Une étude révolutionnaire du laboratoire de recherche AidData, basé à l’université américaine William & Mary, vient de révéler une réalité qui bouleverse les perceptions établies : la Chine est discrètement devenue le premier créancier mondial, avec un portefeuille de prêts et subitions atteignant 2 200 milliards de dollars consentis à travers le monde entre 2000 et 2023. Cette somme, deux à quatre fois supérieure aux estimations antérieures, place Pékin dans une position de force inédite sur l’échiquier géoéconomique mondial.


📊 L’ampleur méconnue des prêts chinois

L’étude AidData, fruit d’un travail de fourmi mobilisant 140 analystes pendant trois ans, dresse un tableau stupéfiant de l’expansion financière chinoise. Le China’s Global Loans and Grants Dataset recense pas moins de 33 580 projets financés dans 217 pays et territoires.

Les chiffres clés :

  • Portefeuille total (2000-2023) : 2 200 milliards de dollars
  • Volume annuel constant : Jamais descendu sous les 100 milliards de dollars depuis le lancement des “Nouvelles Routes de la Soie”, faisant de la Chine le plus grand créancier officiel mondial depuis une décennie
  • Dépenses comparées : En 2023, Beijing a dépensé deux fois plus que Washington et près de 50 milliards de plus que la Banque mondiale

🌍 Une géographie qui défie les préjugés

Contre toute attente, l’argent chinois ne irrigue pas prioritairement les économies en développement. Les pays à revenu élevé ont absorbé 943 milliards de dollars – soit environ 43% du total. Les prêts accordés dans le cadre des Nouvelles Routes de la Soie ne représentent qu’environ 20% de l’ensemble.
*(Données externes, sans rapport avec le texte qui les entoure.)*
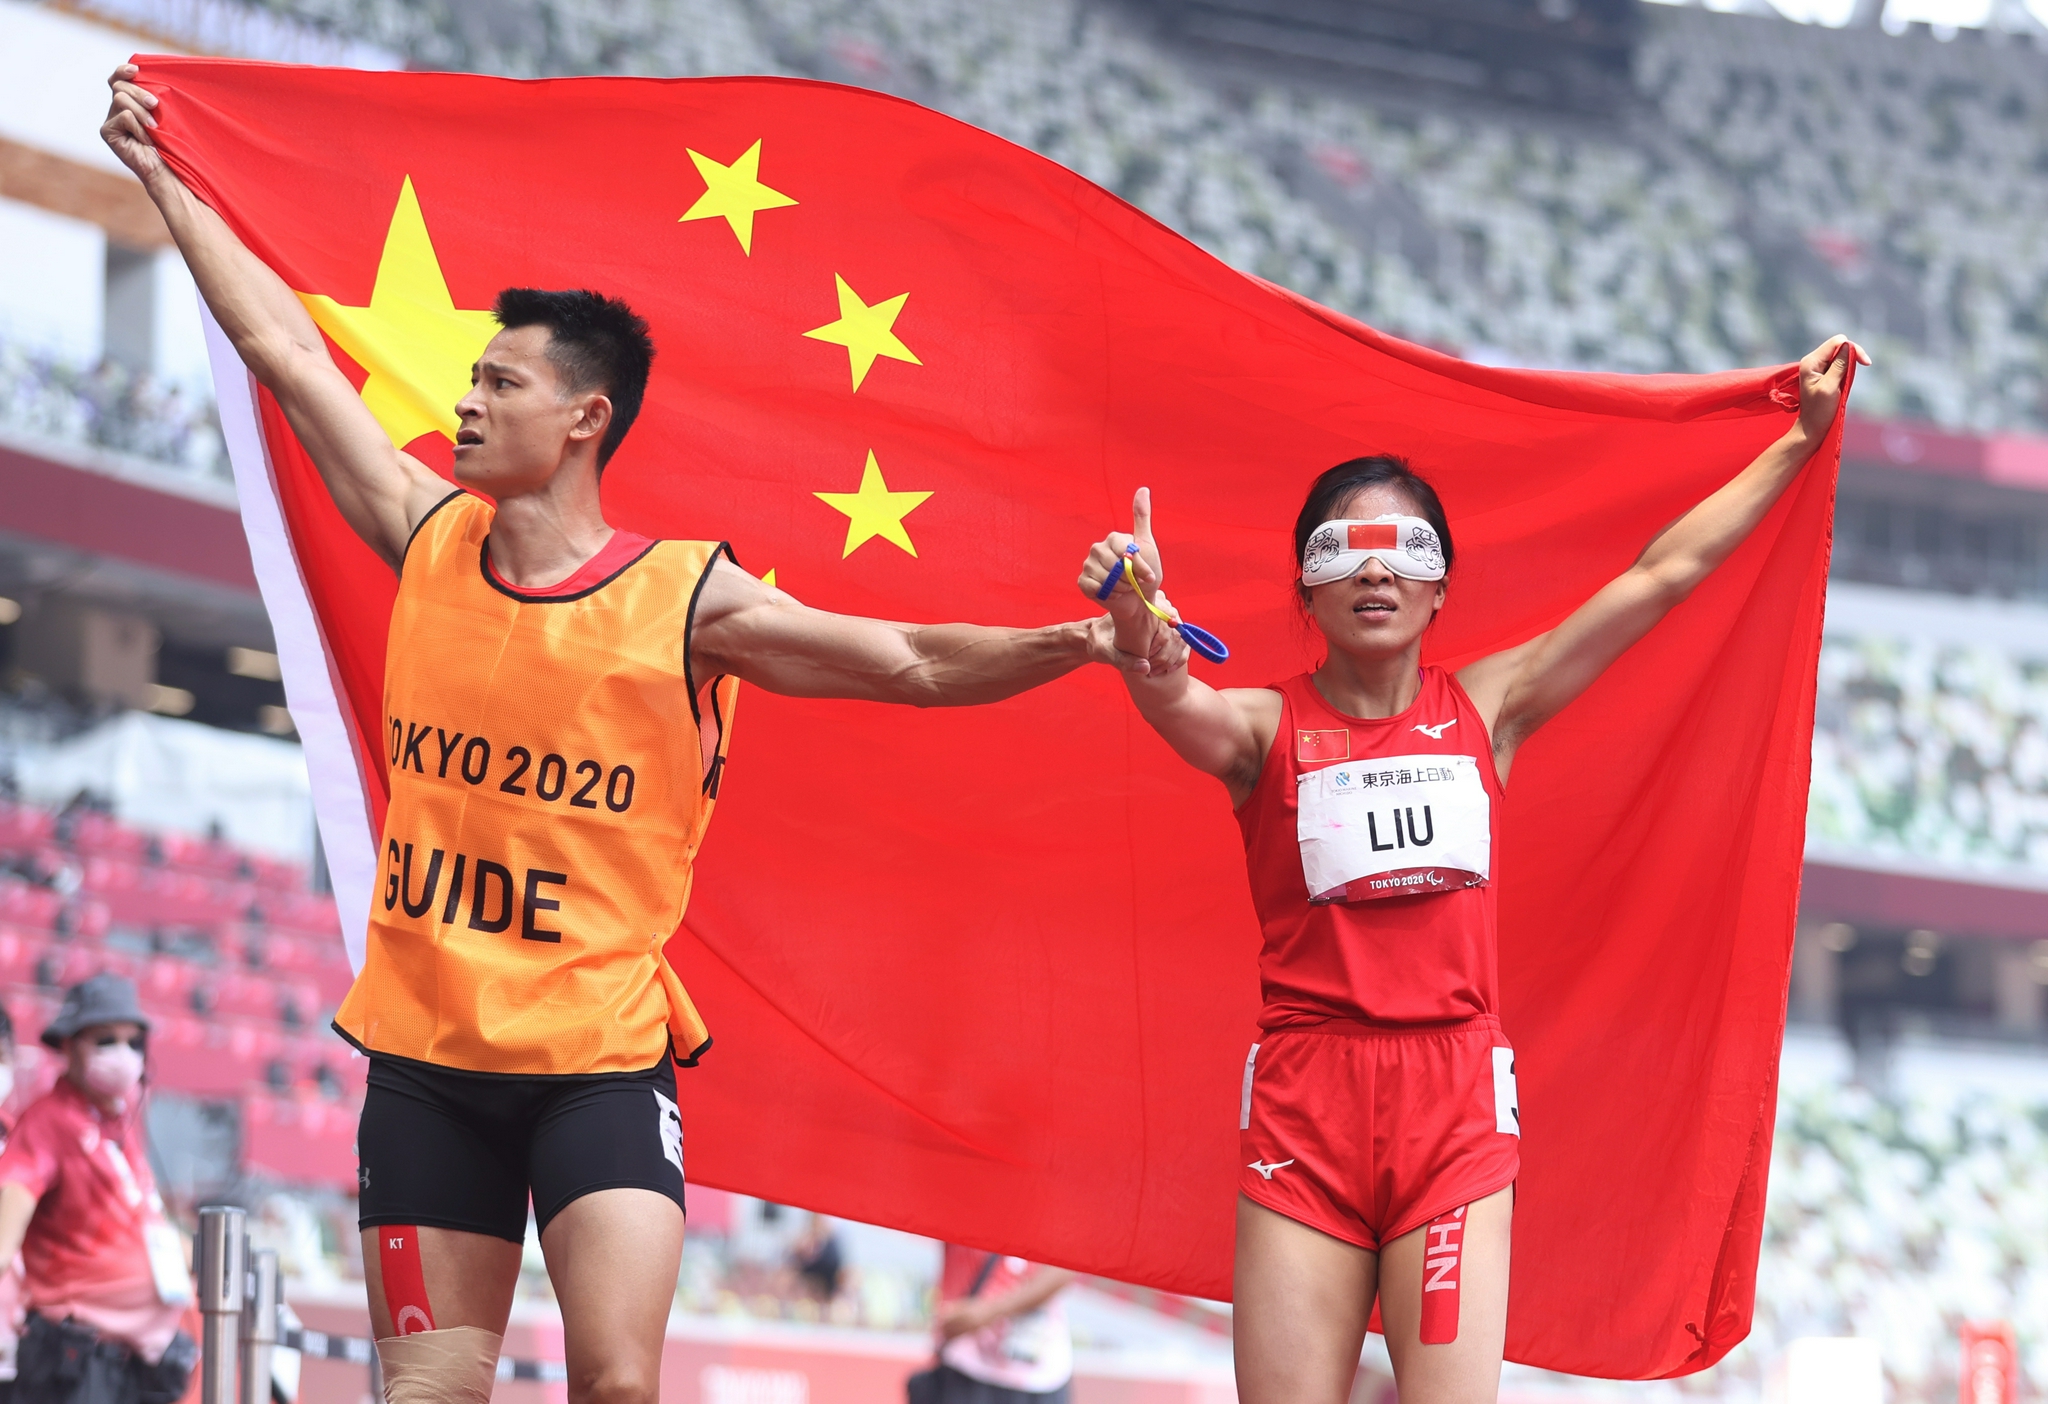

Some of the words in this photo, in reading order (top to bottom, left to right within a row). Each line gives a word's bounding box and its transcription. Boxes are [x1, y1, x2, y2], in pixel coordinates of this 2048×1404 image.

[389, 715, 490, 785] OKYO
[500, 746, 635, 813] 2020
[1362, 767, 1455, 789] 東京海上日動
[1367, 805, 1434, 852] LIU
[385, 838, 567, 943] GUIDE
[1370, 878, 1400, 890] TOKYO
[1401, 875, 1424, 886] 2020
[389, 1238, 404, 1249] KT
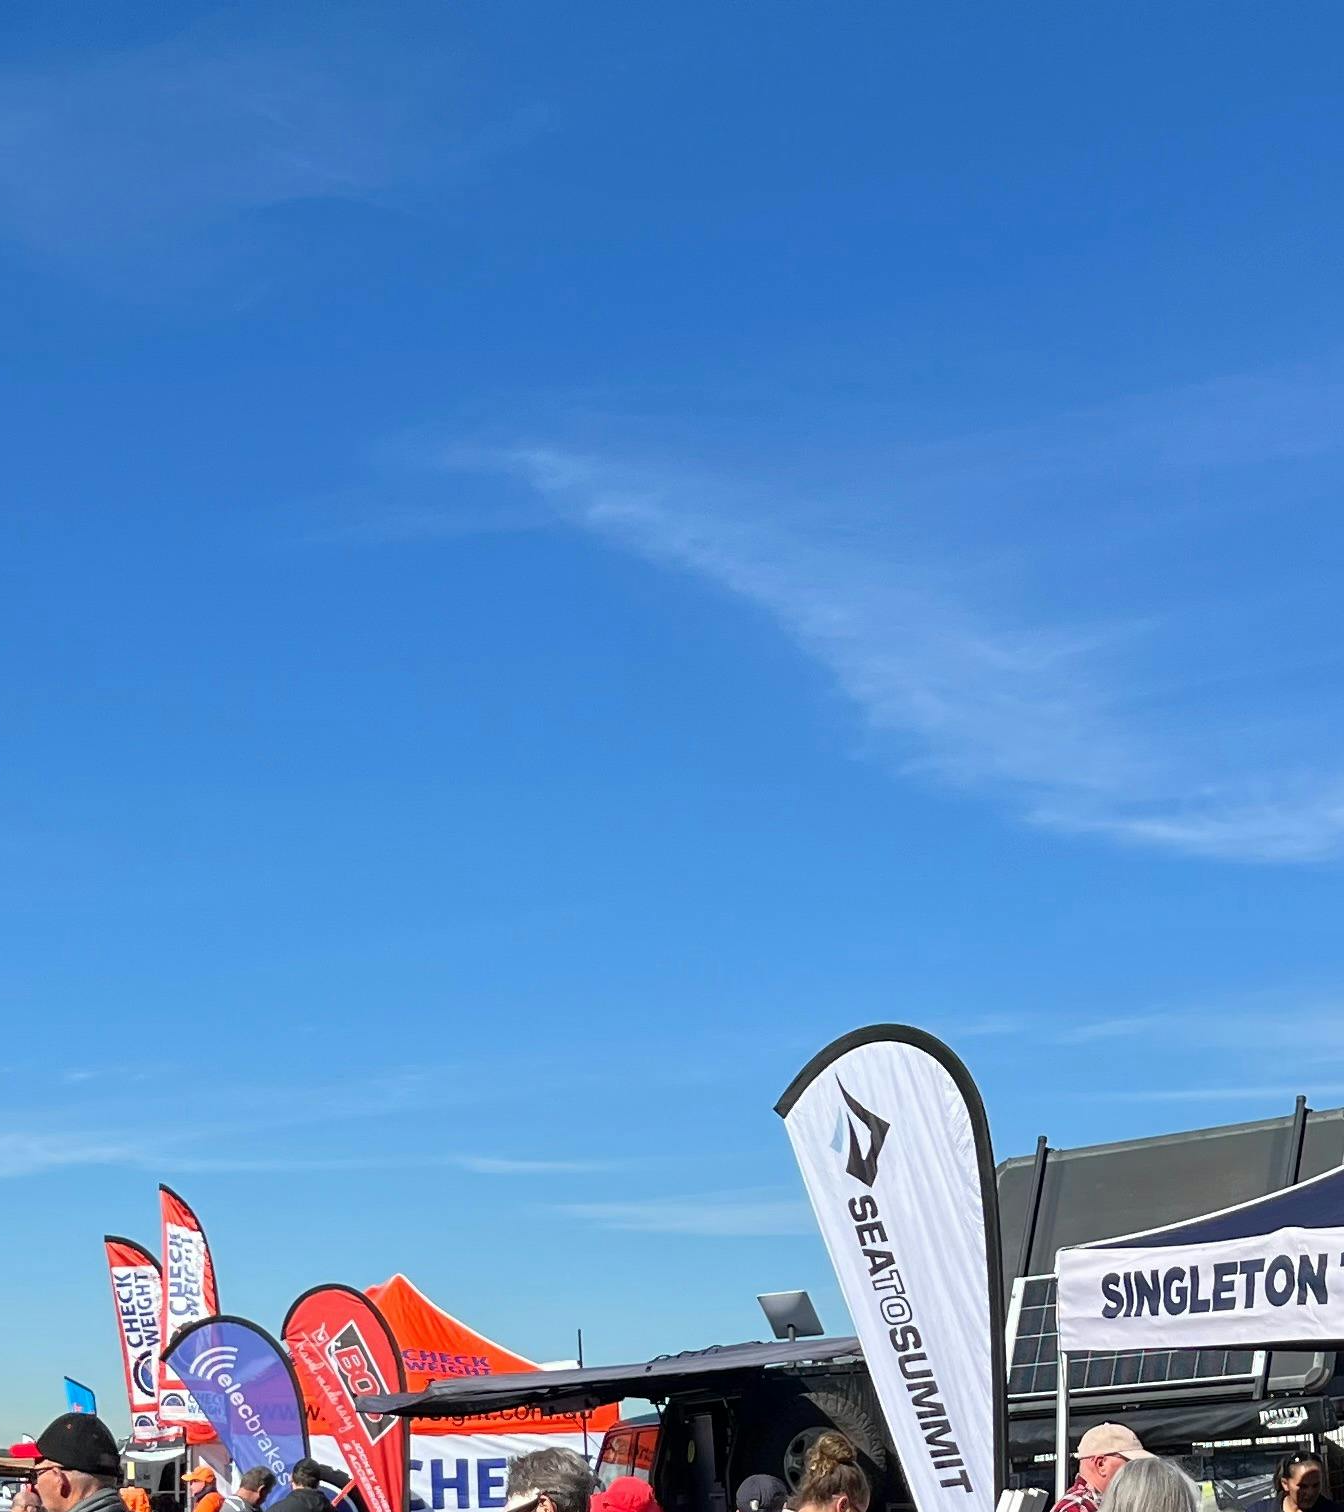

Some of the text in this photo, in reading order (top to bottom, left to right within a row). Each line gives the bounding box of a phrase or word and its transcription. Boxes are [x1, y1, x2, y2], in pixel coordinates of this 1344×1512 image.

[113, 1271, 144, 1349] CHECK
[134, 1271, 162, 1348] WEIGHT
[1101, 1253, 1329, 1320] SINGLETON
[402, 1348, 489, 1367] CHECK
[405, 1361, 492, 1377] WEIGHT
[217, 1372, 293, 1487] elecbrakes
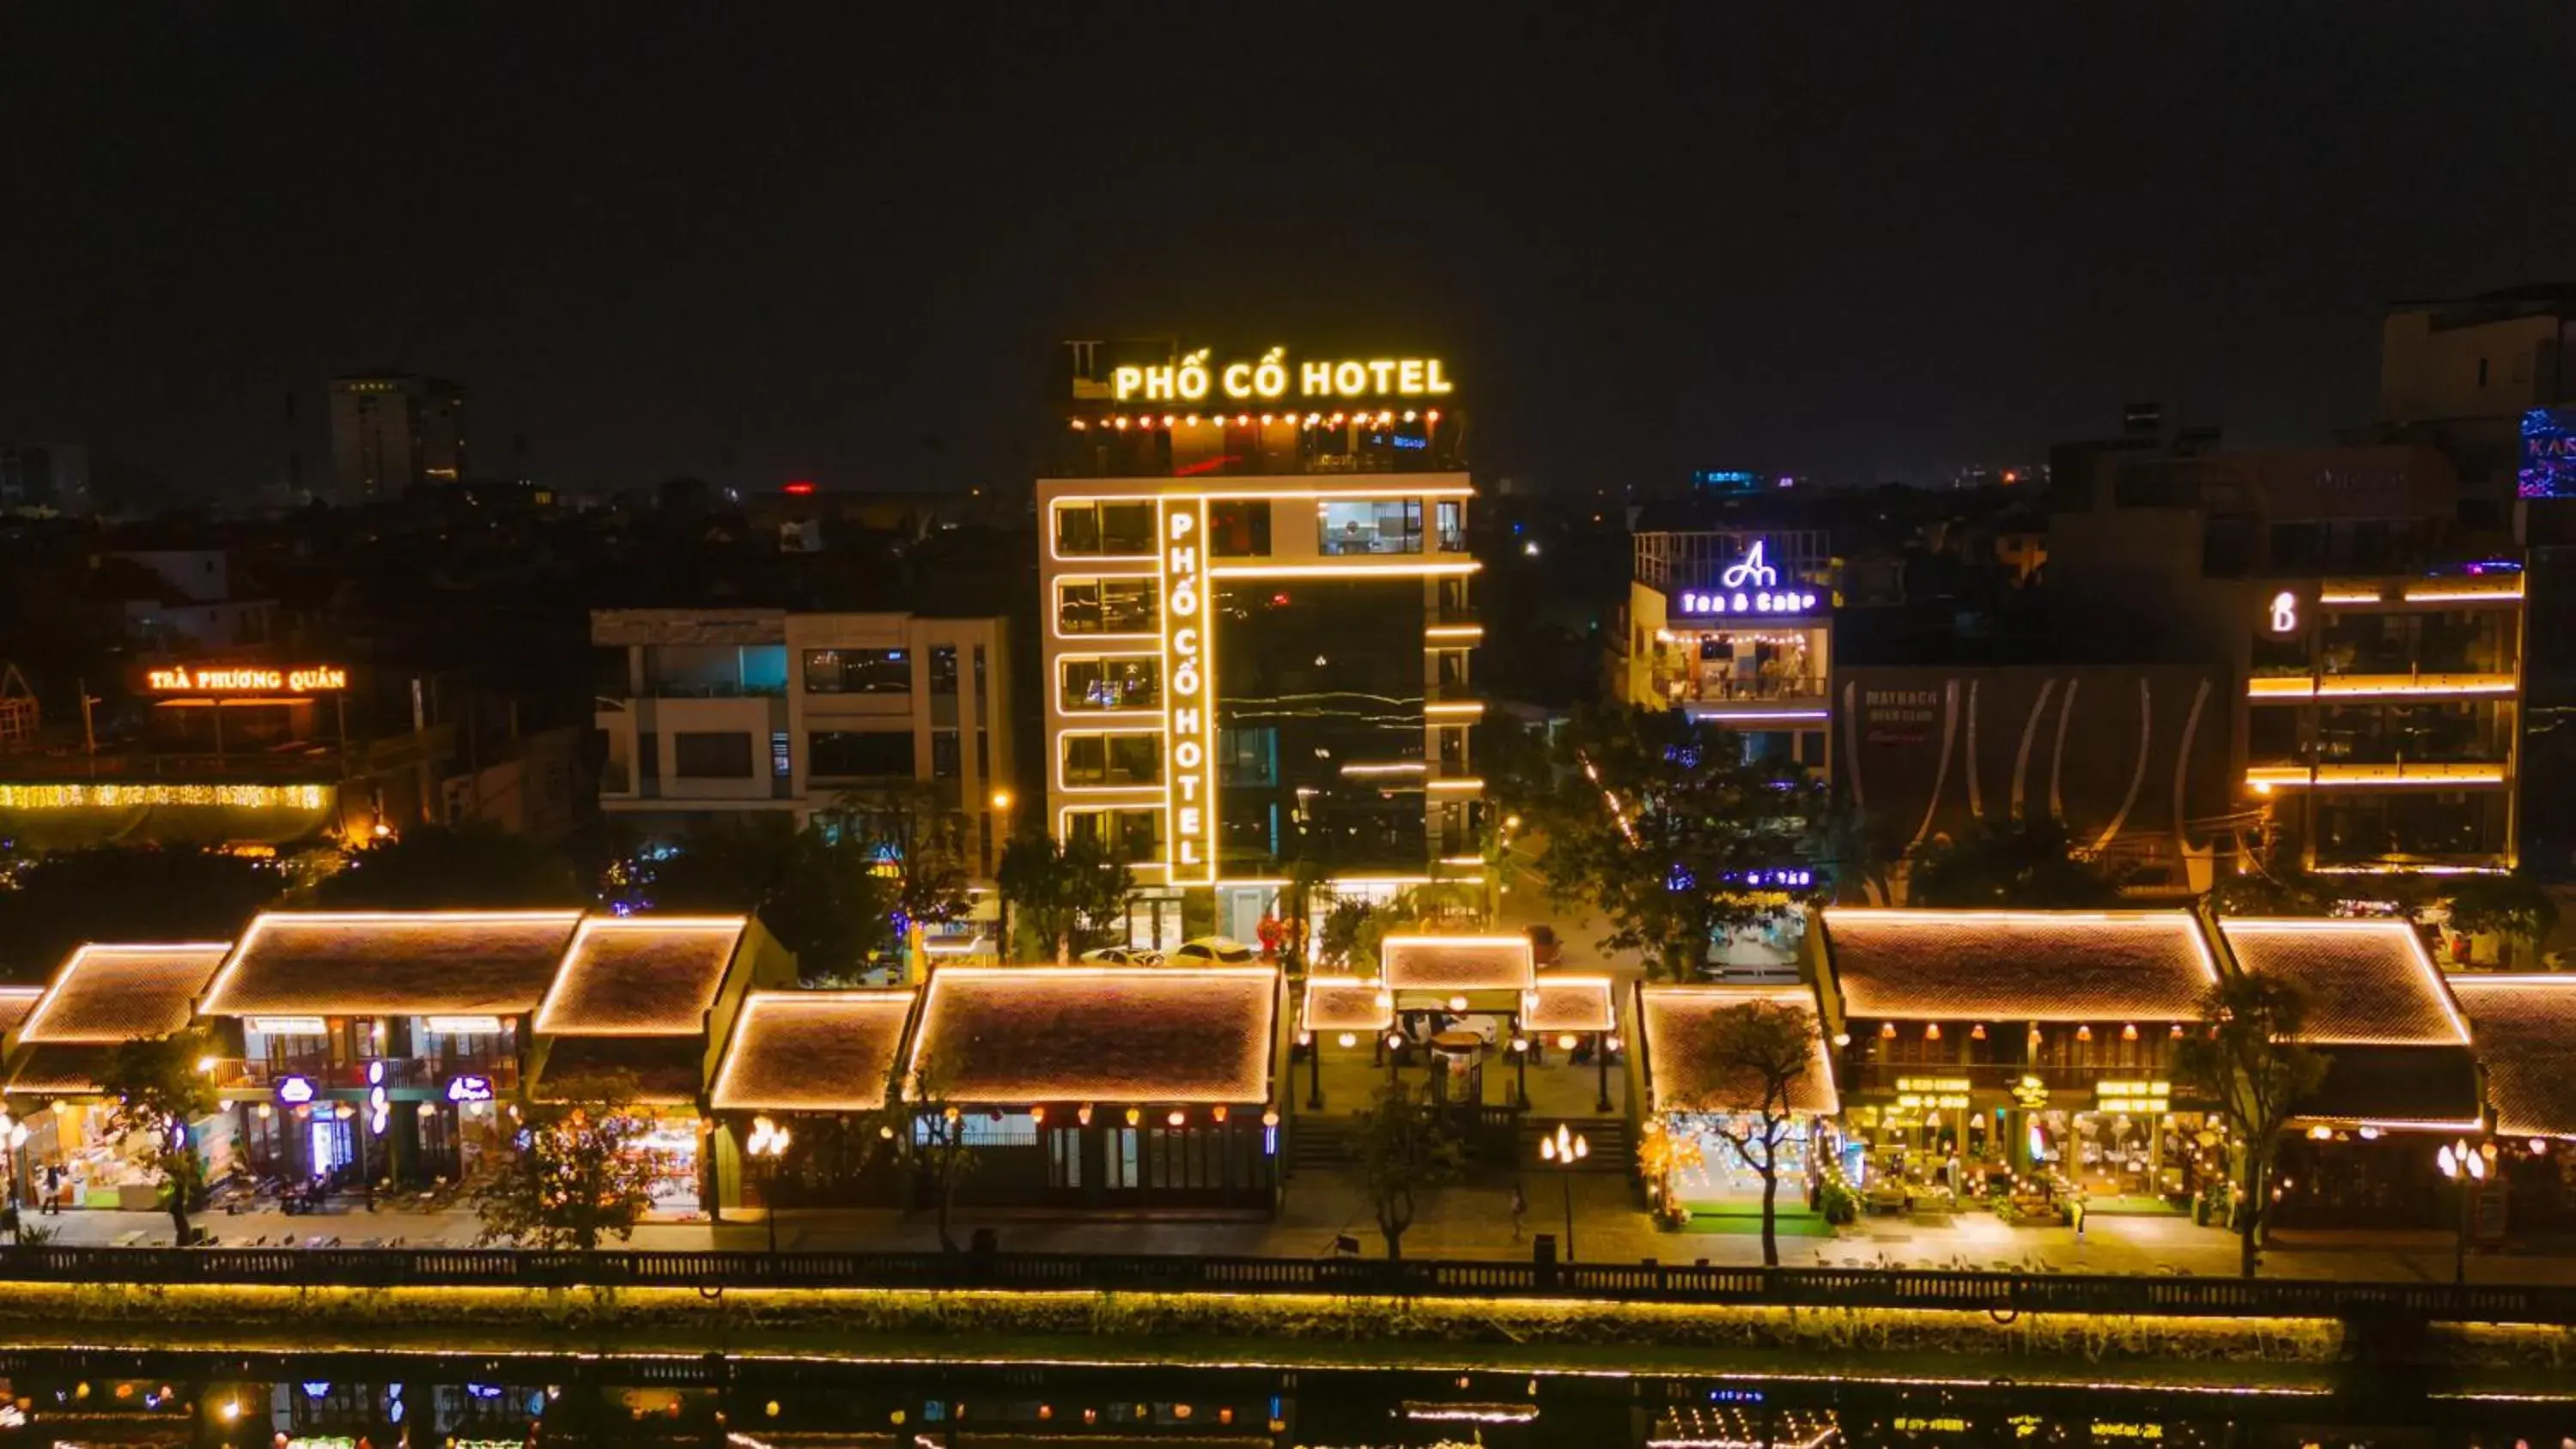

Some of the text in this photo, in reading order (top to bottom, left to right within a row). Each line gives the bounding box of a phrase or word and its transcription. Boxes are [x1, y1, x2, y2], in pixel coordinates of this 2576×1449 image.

Les principaux bénéficiaires :

🎯 Une stratégie industrielle et technologique assumée

Derrière ces flux financiers colossaux se cache une logique stratégique parfaitement assumée. “Une grande partie des prêts accordés aux pays riches est axée sur les infrastructures critiques, les minéraux critiques et l’acquisition d’actifs de haute technologie”, précise Brad Parks, directeur général d’AidData.

Les secteurs ciblés révèlent des priorités claires :

· Énergie et infrastructures critiques : Terminaux GNL au Texas et en Louisiane, centres de données en Virginie, terminaux aéroportuaires à New York et Los Angeles
· Technologies de pointe : Rachat d’entreprises technologiques comme Imagination (semi-conducteurs) au Royaume-Uni
· Soutien aux grands groupes occidentaux : Prêts de trésorerie à des géants comme Amazon, Tesla, Ford, Boeing, Disney, Airbus ou Michelin

Cette orientation s’est accentuée après 2015 avec le plan stratégique “Made in China 2025”, qui vise la domination dans les secteurs high-tech. Depuis son adoption, la part des prêts chinois ciblant des secteurs “sensibles” est passée de 46% à 88%.

🔍 Une opacité croissante

L’étude AidData alerte sur l’opacité grandissante des financements chinois. Les chercheurs constatent une baisse de 62% de la disponibilité des informations provenant de sources officielles sur le programme chinois de prêts et de subventions à l’étranger.

Beijing utilise des méthodes de plus en plus sophistiquées pour limiter la transparence : recours à des sociétés écrans dans des paradis fiscaux, accords de confidentialité stricts, et externalisation des rôles publics à des entités non chinoises. “Le paysage de la finance transfrontalière devient substantiellement plus opaque, à un moment où la transparence est plus nécessaire que jamais”, déplore Katherine Walsh, coauteure du rapport.


La Chine a bâti un réseau de crédit planétaire qui lui confère une influence considérable. Comme le souligne Brooke Escobar, coauteure de l’étude AidData, Pékin est devenu “le créancier international de premier et de dernier recours que personne ne peut se permettre de s’aliéner ou de contrarier”. Cette réalité, longtemps sous-estimée, oblige désormais à reconsidérer fondamentalement les équilibres de la puissance économique mondiale.